Oleksandr Zinenko
Oleksandr "Alex" Zinenko is a software engineer at Google Brain (Systems and Programming Research) in Paris. Before joining Google, he worked as a research engineer in Inria (French National Institute for Computer Science and Applied Mathematics) and École Normale Supérieure and taught at the University Paris-Saclay. He obtained his PhD in Computer Science from the University Paris-Saclay for the work on Interactive Program Restructuring to provide convenient, discoverable and intuitive way to manipulate imperative programs through interactive visualization; and his MS in Computer Engineering from National Technical University of Ukraine "Kyiv Polytechnic Institute" for his implementations of numerical algorithms for heterogeneous distributed systems.
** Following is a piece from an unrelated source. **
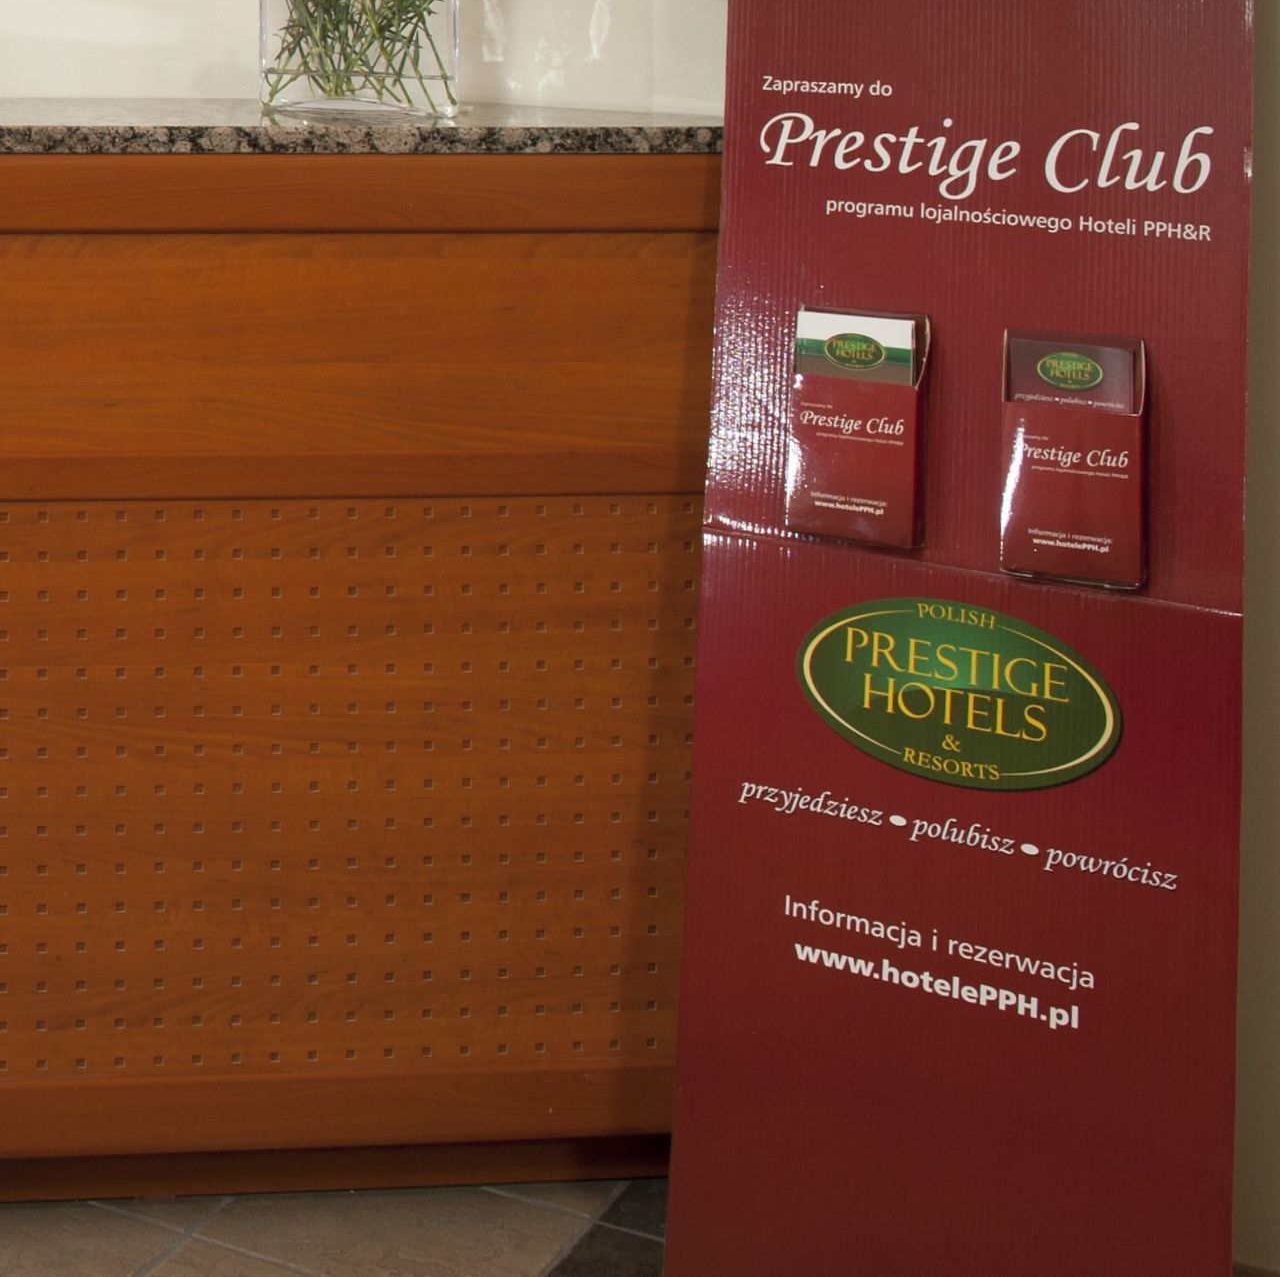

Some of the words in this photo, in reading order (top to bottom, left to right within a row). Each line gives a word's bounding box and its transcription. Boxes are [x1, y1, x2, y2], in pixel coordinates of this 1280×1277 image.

Oleksandr's research interests span from compilation to high-performance systems and from interactive software visualization to machine learning under a common goal of making domain-specific software development easier and the software faster, with particular focus on machine learning software. His previous research has been mostly centered on polyhedral compilation, an approach that reformulates the search of optimizing transformations for certain practical classes of programs into mathematical optimization problems. Oleksandr proposed a series of explanatory and exploratory approaches to polyhedral compilation, making it better accessible to modern search and learning techniques. He currently focuses on application of compiler technology to machine learning infrastructure and, conversely, on improving compilation techniques, program efficiency and programming workflow using novel machine learning approaches.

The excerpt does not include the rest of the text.